(Excerpted data)
»»

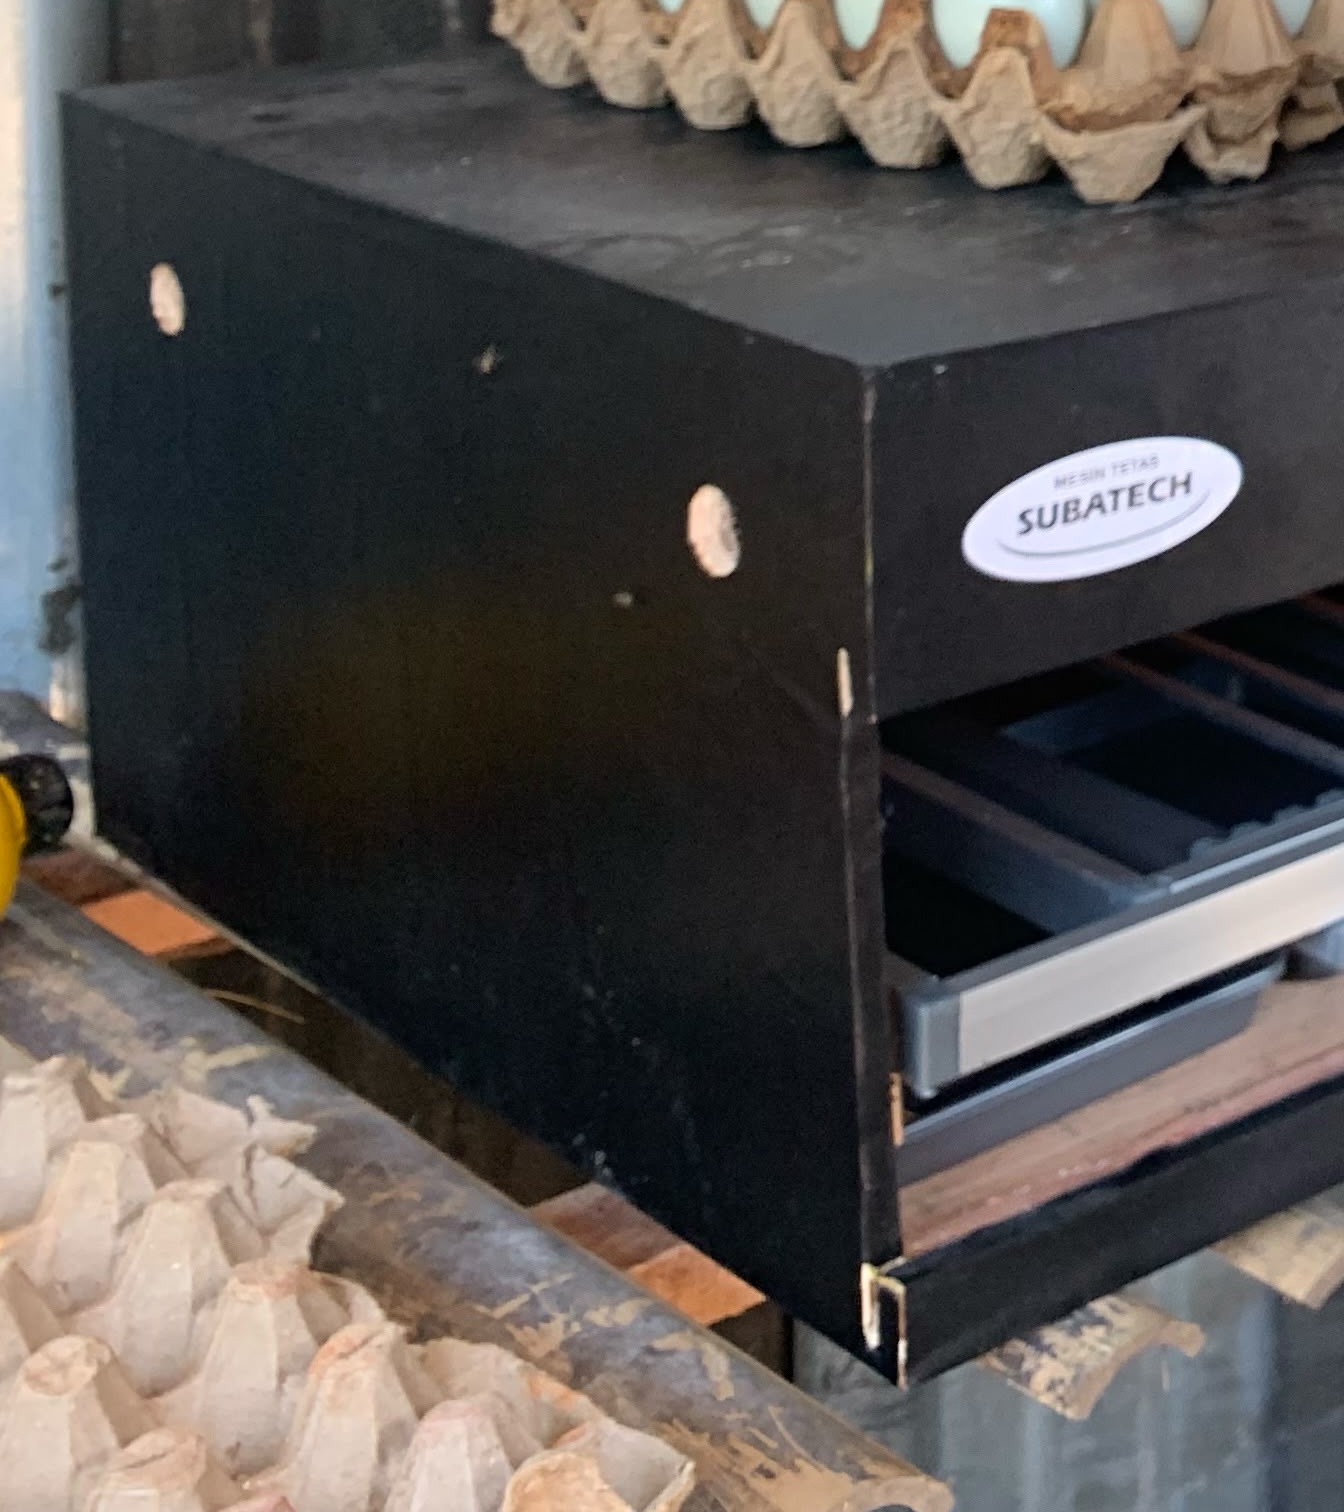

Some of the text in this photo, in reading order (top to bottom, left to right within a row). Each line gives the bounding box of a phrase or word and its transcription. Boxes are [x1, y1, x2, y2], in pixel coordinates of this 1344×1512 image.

[1053, 455, 1160, 490] MESIN TETAS
[1016, 471, 1193, 536] SUBATECH
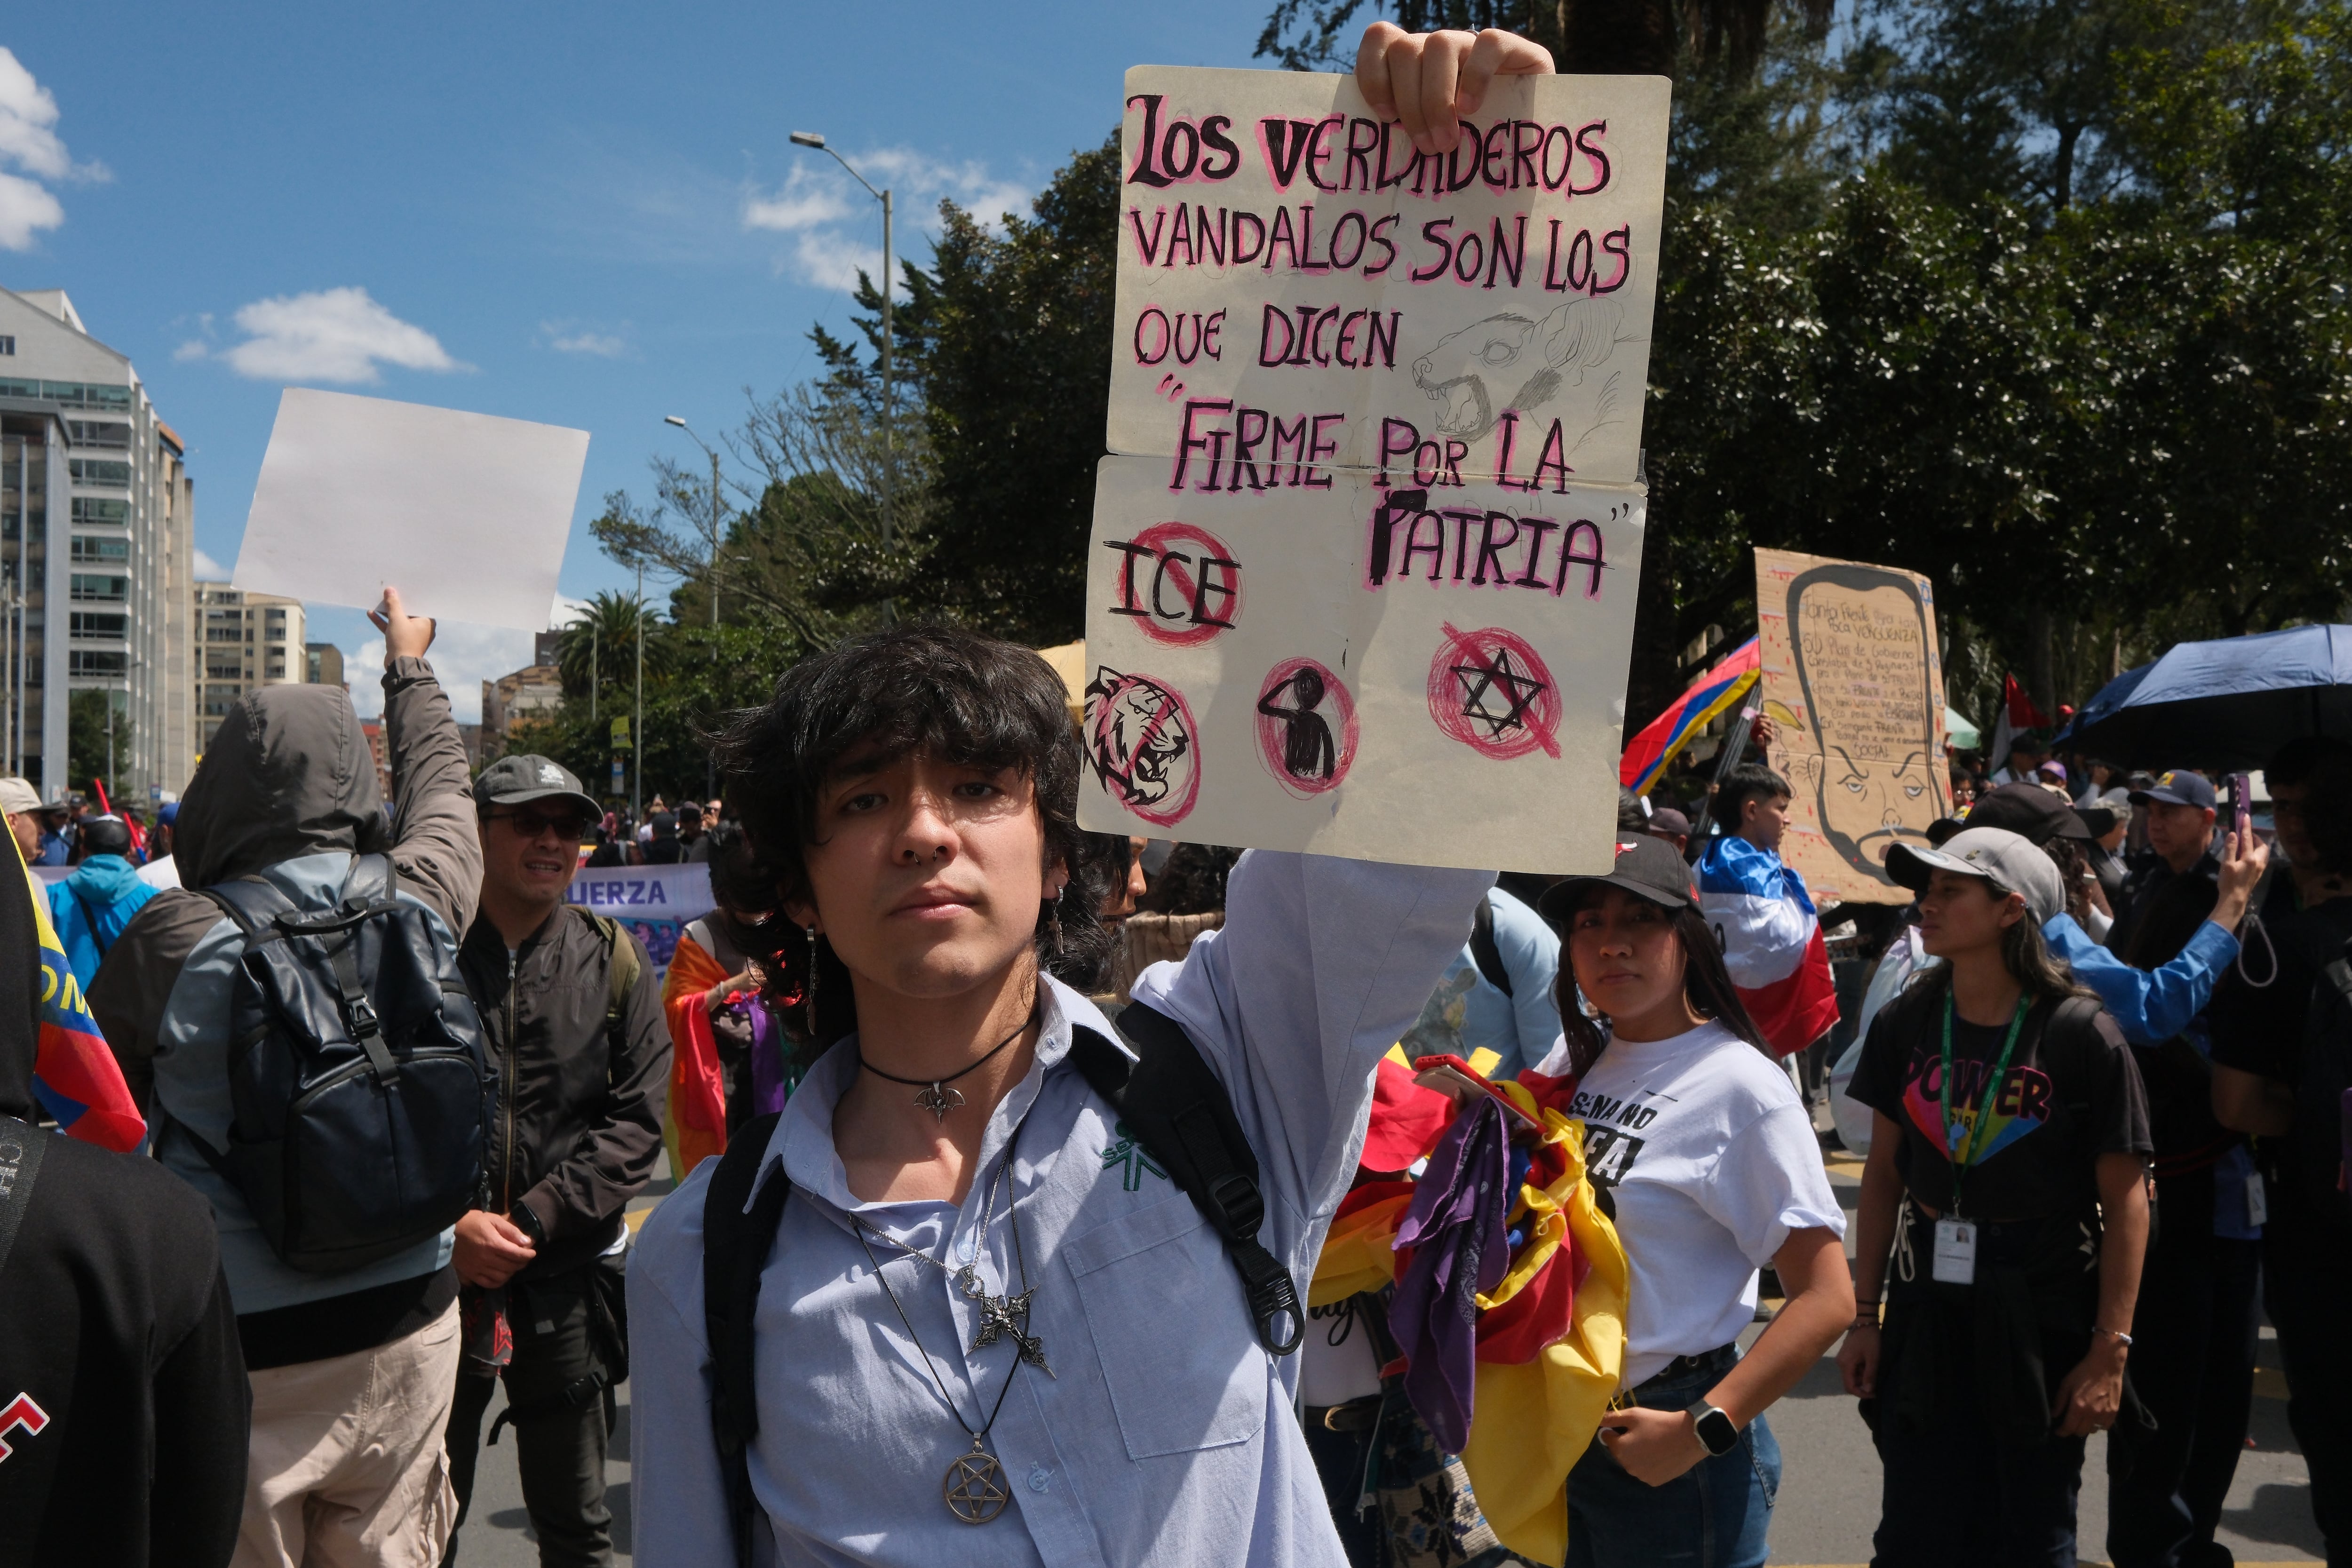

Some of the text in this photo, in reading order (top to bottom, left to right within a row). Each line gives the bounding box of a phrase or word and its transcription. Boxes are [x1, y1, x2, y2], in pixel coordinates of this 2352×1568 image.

[1128, 94, 1612, 196] LOS VERDADEROS
[1130, 202, 1630, 295] VANDALOS SON LOS
[1135, 304, 1403, 369] QUE DICEN
[1379, 417, 1469, 486] POR
[1499, 414, 1573, 494] LA
[1103, 540, 1243, 629] ICE

««

(What the task requires) Pictures stay out; print everything else in the data exactly.

(Solution for this exercise)
Some of the text in this photo, in reading order (top to bottom, left to right within a row). Each line gives the bounding box of a phrase or word and its transcription. Boxes are [x1, y1, x2, y2], in pixel coordinates of this 1344×1512 image.

[1053, 455, 1160, 490] MESIN TETAS
[1016, 471, 1193, 536] SUBATECH

Some of the text in this photo, in reading order (top to bottom, left to right within a row). Each line gives the bounding box of a phrase or word and its transcription. Boxes are [x1, y1, x2, y2], in pixel coordinates of this 2352×1568 image.

[1128, 94, 1612, 196] LOS VERDADEROS
[1130, 202, 1630, 295] VANDALOS SON LOS
[1135, 304, 1403, 369] QUE DICEN
[1379, 417, 1469, 486] POR
[1499, 414, 1573, 494] LA
[1103, 540, 1243, 629] ICE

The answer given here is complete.